The result of the operation is:

------End of execution of the main thread---
ThreadPoolExecutor-0_1 performs the sum operation and the sum is = 1225
ThreadPoolExecutor-0_1 Run result: 1225
ThreadPoolExecutor-0_0 performs a sum operation to get a sum of = 190
ThreadPoolExecutor-0_0 Run result: 190

It can be seen from the results that the method to get the results of thread execution did not block the operation of the main thread at all. Through here add_done_callback Function registers a function get_result to get the result of thread execution in the thread pool.
Because the thread pool implements the context management protocol (Context Manage Protocol), the program can use the with statement to manage the thread pool, which avoids manually closing the thread pool.
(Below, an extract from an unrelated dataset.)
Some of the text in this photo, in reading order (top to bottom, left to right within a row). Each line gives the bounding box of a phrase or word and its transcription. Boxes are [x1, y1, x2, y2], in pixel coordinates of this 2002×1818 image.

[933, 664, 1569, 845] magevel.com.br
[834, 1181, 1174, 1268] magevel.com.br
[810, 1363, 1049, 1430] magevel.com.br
4. Running strategy of thread pool

It is necessary to introduce the execution strategy of 1 thread pool, that is to say, when the number of tasks in the thread pool is greater than the maximum number of threads in the thread pool, how should the thread pool handle these tasks? Is the task that can't be handled discarded directly or handled slowly? Before answering this question again, let's take a look at the following example: here, we define a maximum number of threads as 4 thread pools, and then submit 100 task tasks to the thread pool.


def async_add(max):
    sum = 0
    for i in range(max):
        sum = sum + i
    time.sleep(1)
    print(threading.current_thread().name + " The sum obtained by performing the sum operation is =" + str(sum))
    return sum


with ThreadPoolExecutor(max_workers=4) as pool:
    for i in range(100):
        pool.submit(async_add, i)
    print('------------ End of execution of the main thread ----')
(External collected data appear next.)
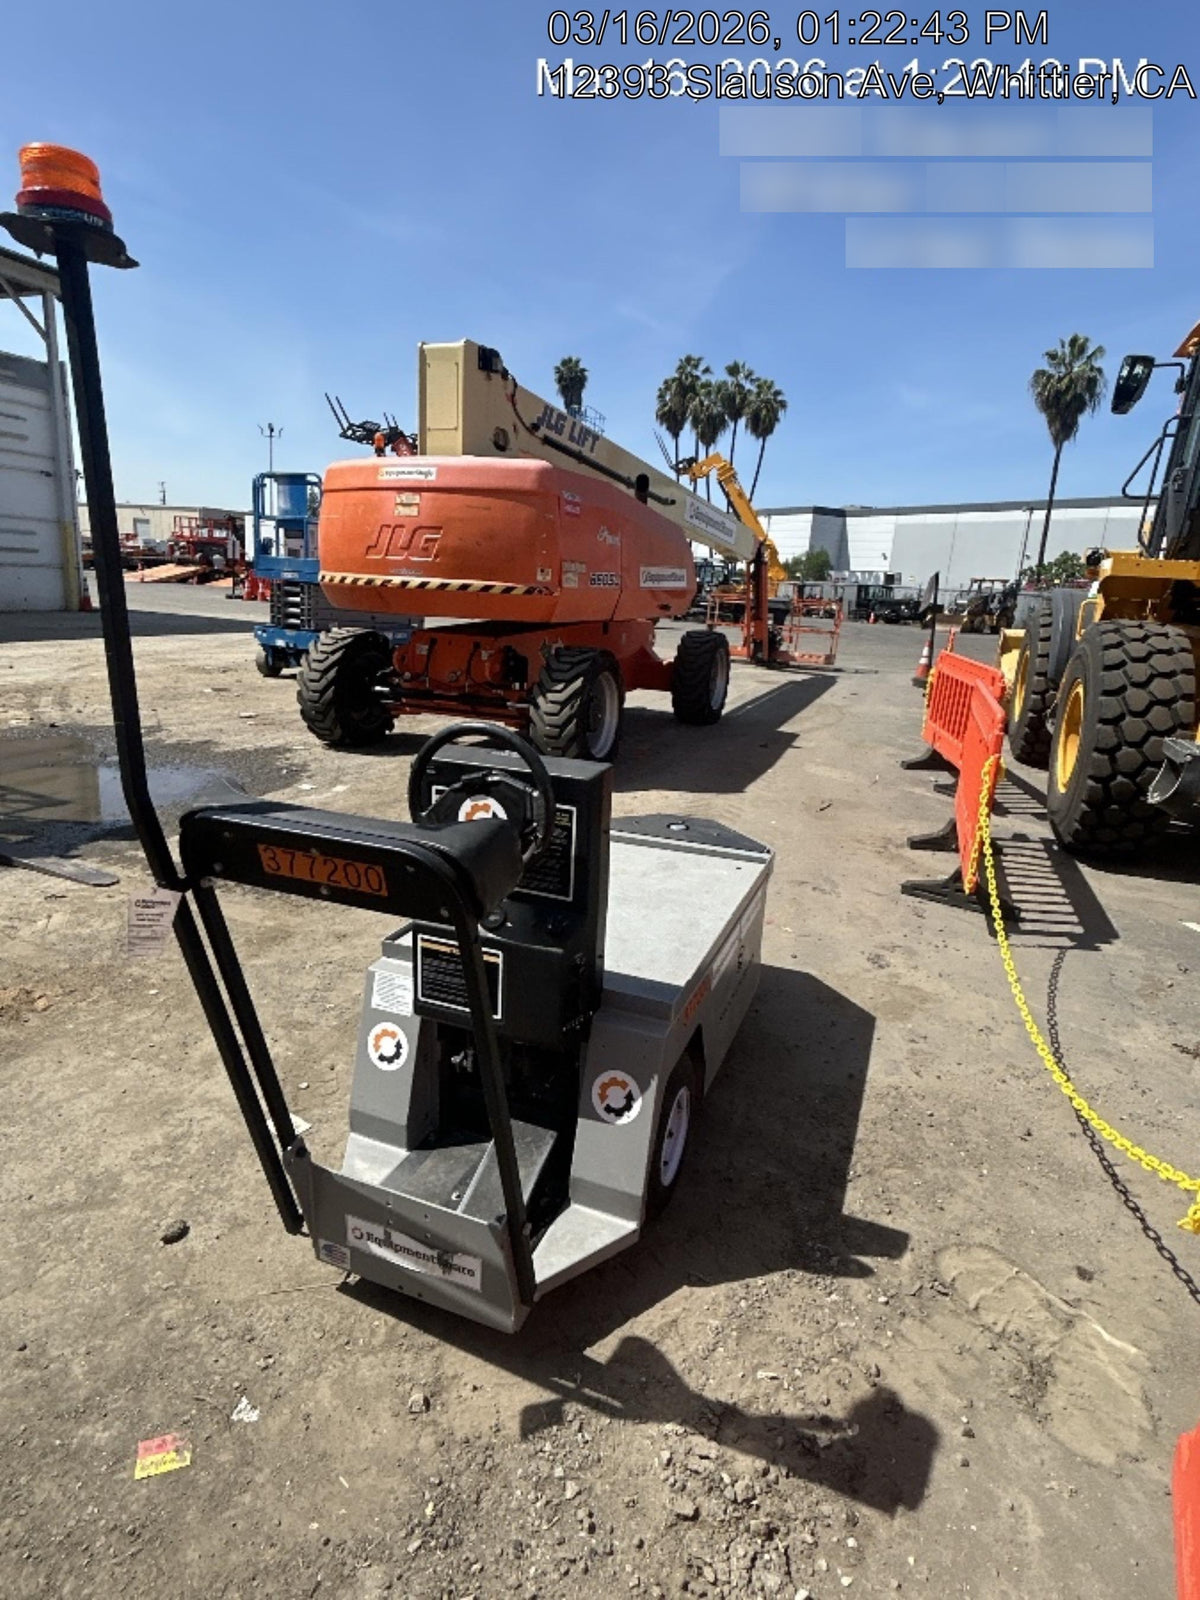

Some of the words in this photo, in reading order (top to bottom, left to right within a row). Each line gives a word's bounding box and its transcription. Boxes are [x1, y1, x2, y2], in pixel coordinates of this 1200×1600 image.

[531, 403, 568, 436] JLG
[569, 420, 600, 453] LIFT
[365, 524, 443, 562] JLG
[263, 845, 382, 893] 377200
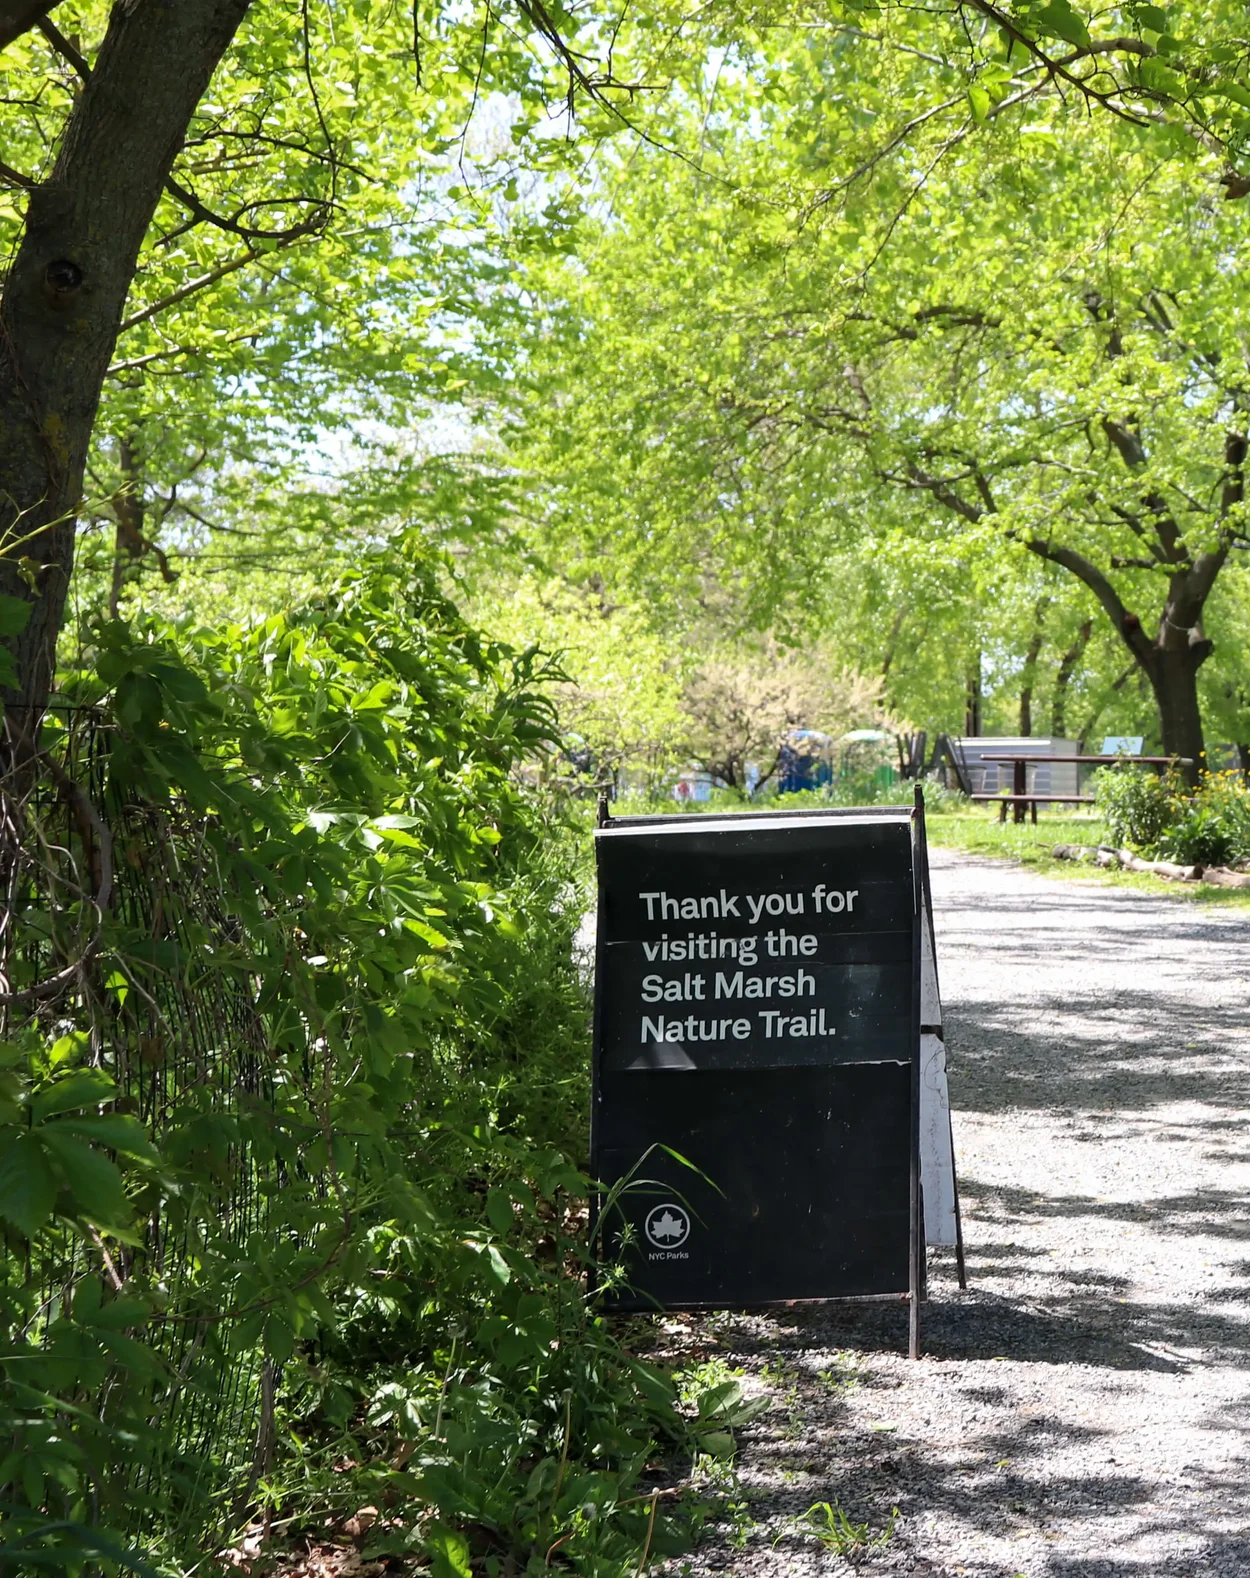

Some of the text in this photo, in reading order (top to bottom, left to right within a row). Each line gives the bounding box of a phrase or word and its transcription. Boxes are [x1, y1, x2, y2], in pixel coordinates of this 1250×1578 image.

[639, 884, 858, 924] Thank you for
[642, 928, 818, 966] visiting the
[641, 969, 816, 1003] Salt Marsh
[641, 1009, 836, 1043] Nature Trail.
[648, 1252, 689, 1260] NYC Parks
The result of the operation is:

------End of execution of the main thread---
ThreadPoolExecutor-0_1 performs the sum operation and the sum is = 0
ThreadPoolExecutor-0_0 The sum obtained by performing the sum operation is = 0
ThreadPoolExecutor-0_3 The sum obtained by performing the sum operation is = 3
ThreadPoolExecutor-0_2 performs the sum operation and the sum is = 1
... omit part of the result...
ThreadPoolExecutor-0_1 performs the sum operation and the sum is = 4656
The sum obtained by ThreadPoolExecutor-0_2 is = 4753
ThreadPoolExecutor-0_0 performs the sum operation and the sum is = 4560
The sum obtained by ThreadPoolExecutor-0_3 is = 4851

As you can see from the running results: 1 is the same thread to perform these tasks, and all the tasks have not been discarded. And the tasks are performed on a first-come-first-served basis. Here we need to talk about the default buffer queue of thread pool. self._work_queue = queue.Queue() This statement creates a buffer queue of unlimited size. This queue is an FIFO (first in, first out) regular queue. Therefore, when the number of tasks exceeds the maximum number of threads, the tasks will be temporarily placed in the buffer queue queue. When the thread is idle, the task will be taken out of the buffer queue for execution.
The queue has a parameter maxsize that limits the size of the queue. If the queue reaches the maximum size of the queue, it is locked, and when elements are added again, it is blocked until the elements in the queue are consumed. If maxsize is set to 0 or negative, the size of the queue is unlimited.